Colorado already has some of the most restrictive trapping laws after Initiative 14 passed in 1996. The initiative banned commonly used trapping methods, including: snares, leghold and conibear traps. Currently, trappers are only able to use box, cage or other live traps to take bobcats. In addition, the U.S. Fish and Wildlife Service provides a free guide to help sportsmen distinguish between species so that accidental take of lynx are reduced even more.
The author of the petition goes further, claiming that there are more wildlife watchers in the U.S. than there are hunters and trappers. However, she fails to mention that millions of those wildlife watchers are also hunters and trappers, and that sportsmen provide the bulk of the revenue states receive for the conservation and management of wildlife through the sales of hunting and trapping licenses and tags, along with excise taxes on equipment. Sportsmen also provide real-time data to state biologists on the health and wellbeing of bobcats in Colorado pursuant to state regulations.

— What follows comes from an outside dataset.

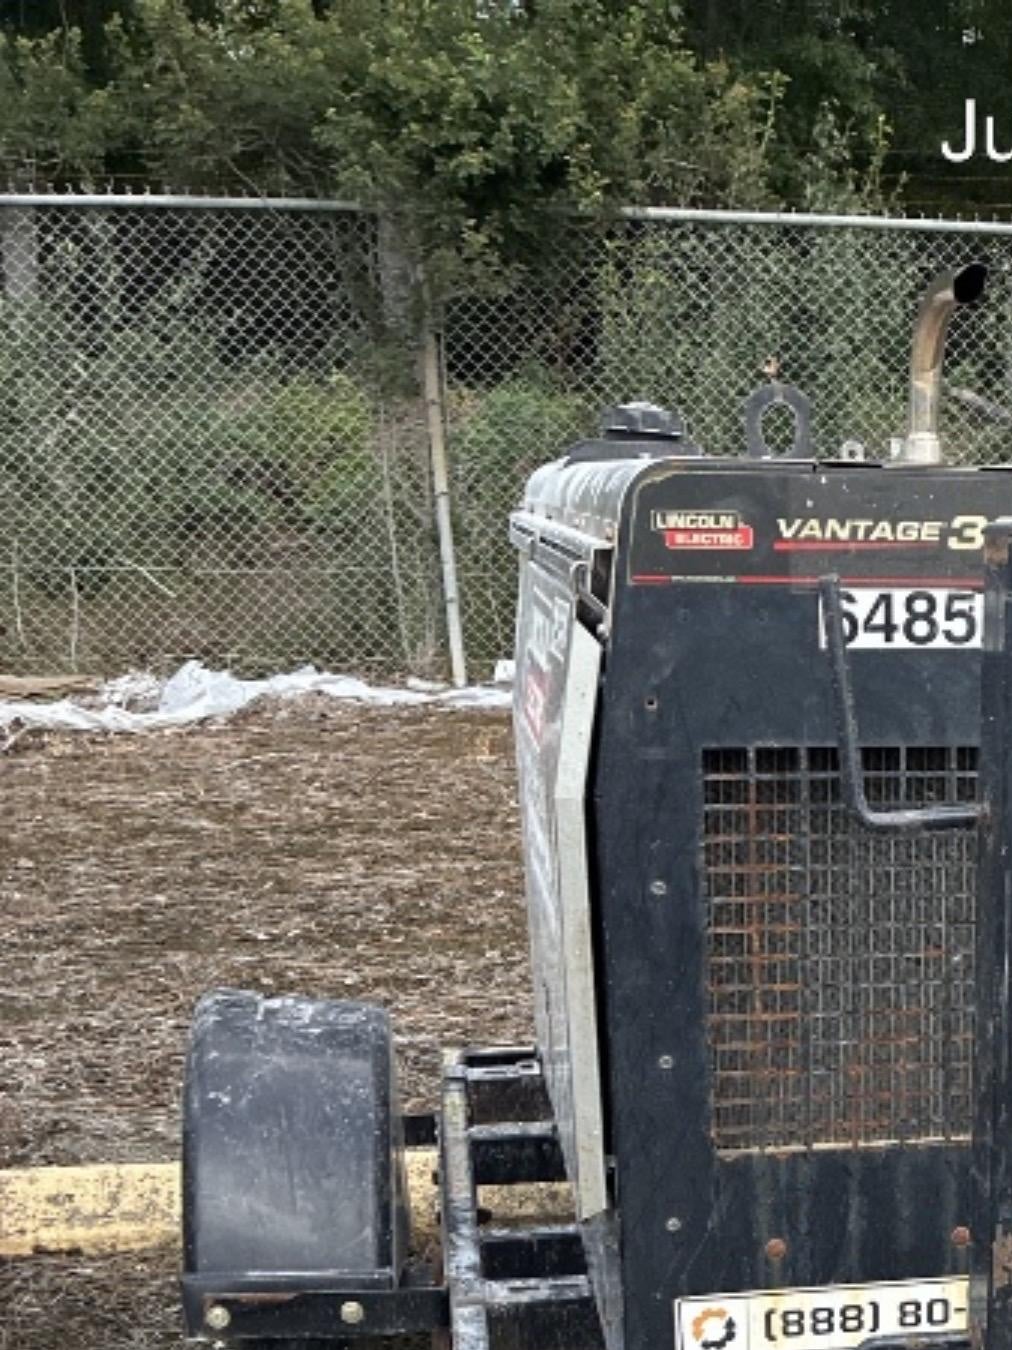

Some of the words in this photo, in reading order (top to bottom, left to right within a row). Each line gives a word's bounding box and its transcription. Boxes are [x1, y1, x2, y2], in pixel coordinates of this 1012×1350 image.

[656, 512, 734, 529] LINCOLN
[776, 518, 945, 541] VANTAGE
[764, 1301, 881, 1342] (888)

“This petition ignores sound science and uses tactics by the extreme animal-rights community to end the harvest of a healthy and abundant species,” continued Houghton. “It’s nothing but a backdoor attempt to shut down a hunting and trapping season. What is ironic, though, is this petition fails to recognize that hunters and trappers are the very reason that bobcat numbers continue to flourish in Colorado, and why the lynx population has a sustainable environment to grow its population.”